今月の主題 臨床医のための呼吸調節と障害 Editorial

呼吸困難感と呼吸調節を理解するために

著者: 近藤哲理

ページ範囲:P.1090 - P.1092

ポイント

 呼吸困難感の発生には心理作用,血液ガス,神経反射などが関与する.

 呼吸調節障害の関与する疾患では,病因よりも病態の理解が重要である.

 気道や胸壁の受容体からの神経入力の関与は想像以上に強い.

呼吸調節障害の基礎知識

呼吸調節機能の概要

著者: 有田秀穂

ページ範囲:P.1093 - P.1095

ポイント

 脳全体からみた呼吸制御では,血液ガスの恒常性を維持する自律性換気調節が基本としてあって,そこに呼吸関連行動や上気道反射が一時的に割り込まれる.

 睡眠時無呼吸症候群の病態生理では,縫線核セロトニン神経から上気道運動ニューロンへの促通効果が重要である.

 呼吸と不安との関連では,脳幹・モノアミン神経系のCO2反応性が注目される.

 脳虚血をモニターするあくび中枢が視床下部の室傍核にある.

呼吸困難感と呼吸調節

著者: 岡田泰昌 ,   柏木政憲

ページ範囲:P.1096 - P.1101

ポイント

 呼吸困難感は,呼吸状態が不適切であることを知覚させるべく脳が発する警報であり,また呼吸状態を改善させるためのフィードバック機構を構成するものである.

 下部脳幹内で形成された呼吸神経出力は,脳神経を介し上気道の開存性を規定するとともに脊髄神経を介し呼吸筋を駆動するが,同時に呼吸神経出力・呼吸努力の程度を反映する感覚・motor command corollary dischargeとして高位中枢へ投射される.

 運動やさまざまな刺激に反応して呼吸神経出力と並行して増強し,高位中枢へ投射されたmotor command corollary dischargeと,実際に出力された機械的換気運動状態についての統合的モニター感覚・integrated mechanical respiratory sensationとが高位中枢において対比され,そのズレが大きくなると呼吸困難感が出現・増強する.

 体液酸素分圧低下や二酸化炭素分圧上昇などの呼吸化学刺激強度についての高位中枢における統合的モニター感覚・integrated chemical respiratory sensationの増大は呼吸困難感を増強させる.

呼吸調節障害がかかわる疾患と呼吸調節障害の症候

著者: 中村俊夫 ,   信岡祐彦

ページ範囲:P.1102 - P.1103

ポイント

 呼吸調節障害の症候は呼吸回数,換気量と呼吸リズムの異常として観察される.

 呼吸回数と換気量の変化は過換気あるいは低換気を生じ,血液ガス異常をもたらす.

 代表的な異常呼吸にCheyne-Stokes呼吸と不規則性呼吸(Biot呼吸や失調呼吸)がある.

しゃっくり

著者: 坂井邦彦 ,   佐藤誠

ページ範囲:P.1104 - P.1106

ポイント

 しゃっくり(吃逆)は,吸気筋の不随意的痙性収縮による短く強力な吸気努力と声門閉鎖からなる反復現象である.

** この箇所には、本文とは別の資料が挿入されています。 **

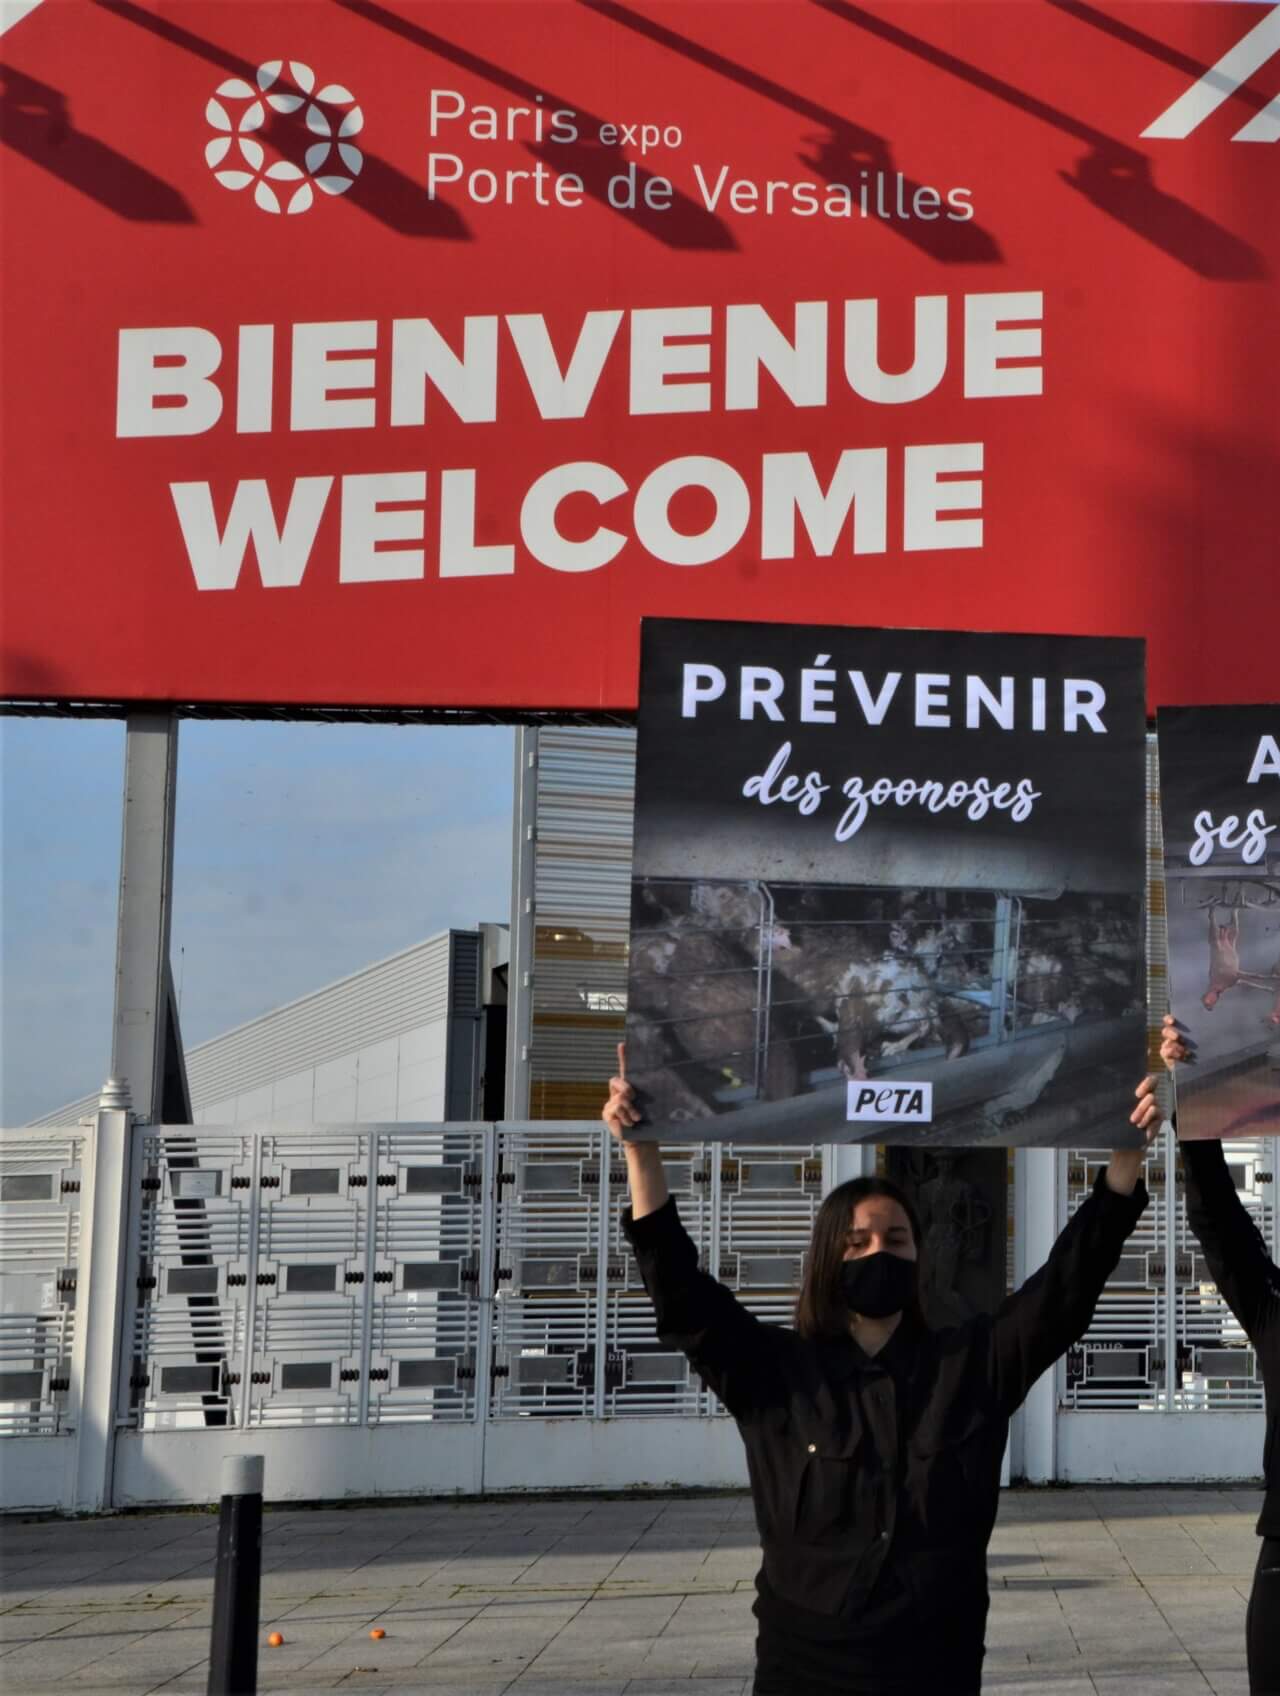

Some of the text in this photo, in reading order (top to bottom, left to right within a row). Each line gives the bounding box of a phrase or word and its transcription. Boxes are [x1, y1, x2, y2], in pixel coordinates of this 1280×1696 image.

[429, 88, 684, 155] Paris expo
[427, 152, 976, 222] Porte de Versailles
[116, 291, 1043, 438] BIENVENUE
[169, 442, 985, 592] WELCOME
[681, 653, 1108, 734] PRÉVENIR
[742, 741, 1042, 842] des zoonoses
[1188, 808, 1277, 867] ses

 しゃっくりの役割は不明であるが,原始的反射の痕跡という考え方が有力である.

 慢性しゃっくりの原因は不明なことが多いが,時に悪性腫瘍が潜在していることがあり,原疾患の検索は必須である.

咳嗽

著者: 塩谷隆信

ページ範囲:P.1108 - P.1113

ポイント

 咳嗽は,呼吸器疾患の日常診療において最も多く遭遇する主訴である.

 咳嗽の末梢受容器としては,速順応性刺激受容器(irritant receptor)と気管支C-fiberがあり,機械的および化学的刺激に反応する.

 咳嗽は,症状発現から3週間以内の急性咳嗽,3週間以上継続する遷延性(亜急性)咳嗽,8週間以上持続する慢性咳嗽に分類される.

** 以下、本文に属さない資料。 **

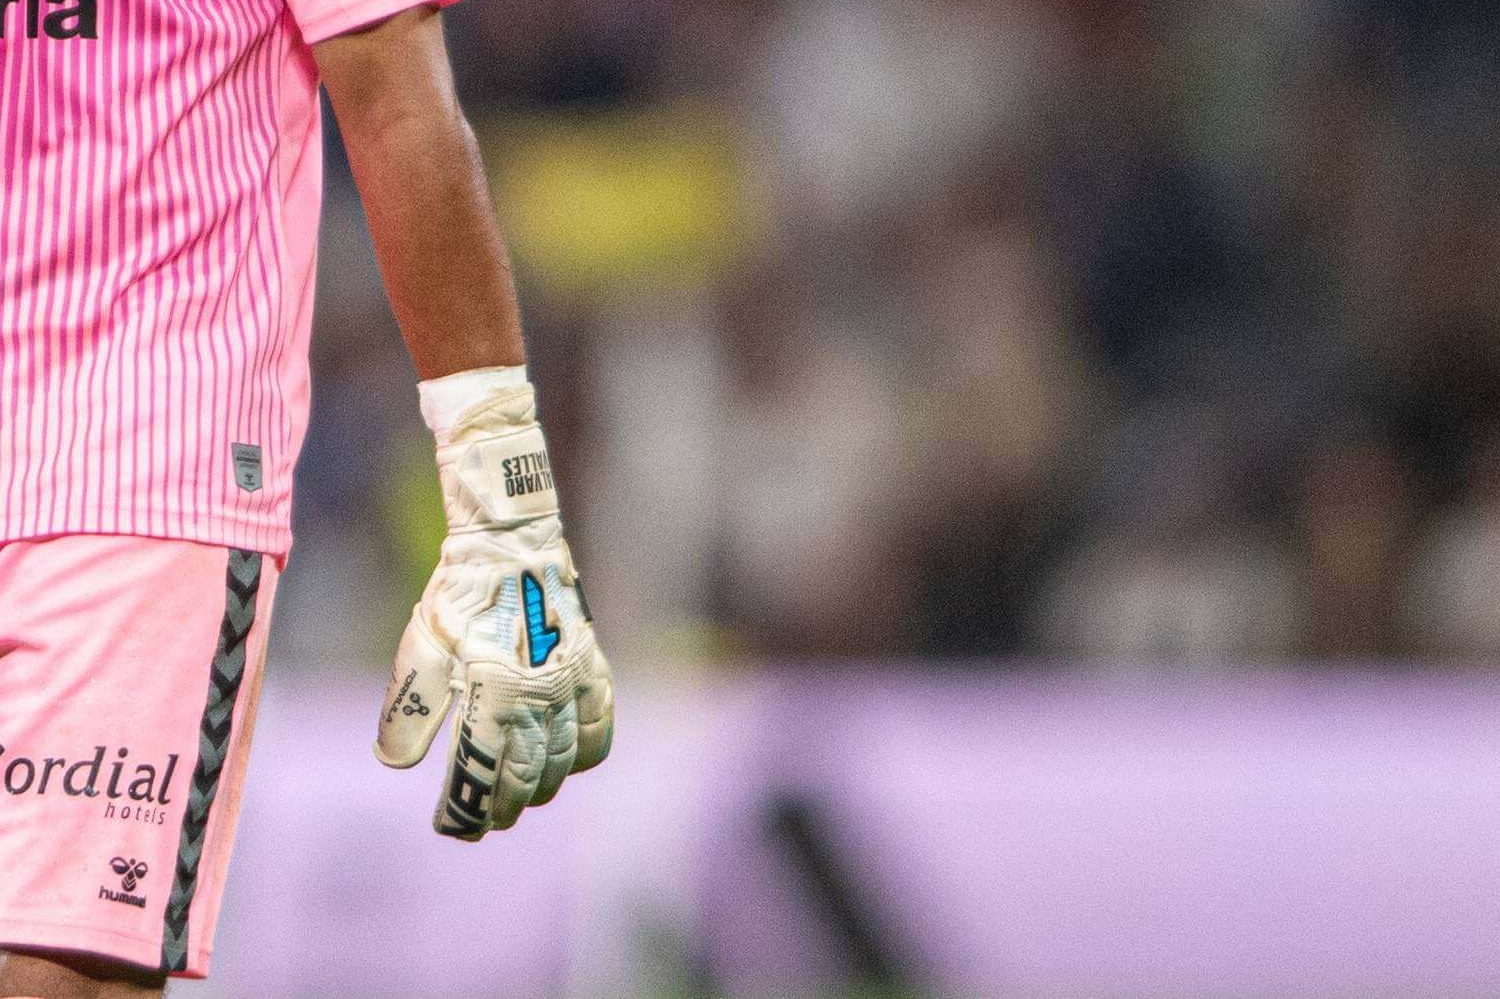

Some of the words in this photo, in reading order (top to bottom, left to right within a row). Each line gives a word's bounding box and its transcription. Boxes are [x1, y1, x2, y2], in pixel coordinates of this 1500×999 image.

 湿性咳嗽は喀痰を喀出するための生体防御反応であり,気道の過分泌が治療対象となる.乾性咳嗽は病的咳嗽であるため,咳嗽そのものが治療対象となる.

 慢性咳嗽の3大原因疾患は咳喘息,アトピー咳嗽,副鼻腔気管支症候群である.

起坐呼吸とorthodeoxia

著者: 小山田吉孝 ,   山口佳寿博

ページ範囲:P.1114 - P.1115

ポイント

 起坐呼吸は左心不全のみならずCOPD,気管支喘息,横隔神経麻痺といった呼吸器疾患でも認められる.

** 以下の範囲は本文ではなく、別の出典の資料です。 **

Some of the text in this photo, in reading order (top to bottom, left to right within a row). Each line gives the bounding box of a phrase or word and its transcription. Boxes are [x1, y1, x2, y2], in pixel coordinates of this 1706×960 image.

 orthodeoxiaは立位をとることで低酸素血症が増悪する現象を指す.

 orthodeoxiaを呈する疾患として,肺動静脈奇形,肝肺症候群などが挙げられる.

一般病院でできる呼吸調節障害の検査

著者: 鈴木俊介

ページ範囲:P.1116 - P.1118

ポイント

 動脈血ガス分析ではA-aDo2とPaco2とに注目する.呼吸調節障害単独ではガス交換障害がないので,A-aDo2は正常範囲である.

 酸塩基平衡をみて,代謝性によるpHの変化がないかを考慮し,必要に応じ電解質などの検査も行う.

 Paco2上昇の原因を確認する場合は,スパイロメトリーや呼吸筋力検査が有用である.

呼吸調節障害の精密検査

著者: 小川浩正

ページ範囲:P.1120 - P.1123

ポイント

 呼吸調節障害の精密検査は,化学的刺激(Po2,Pco2),機械的刺激に対する呼吸出力と呼吸感覚を調べるものである.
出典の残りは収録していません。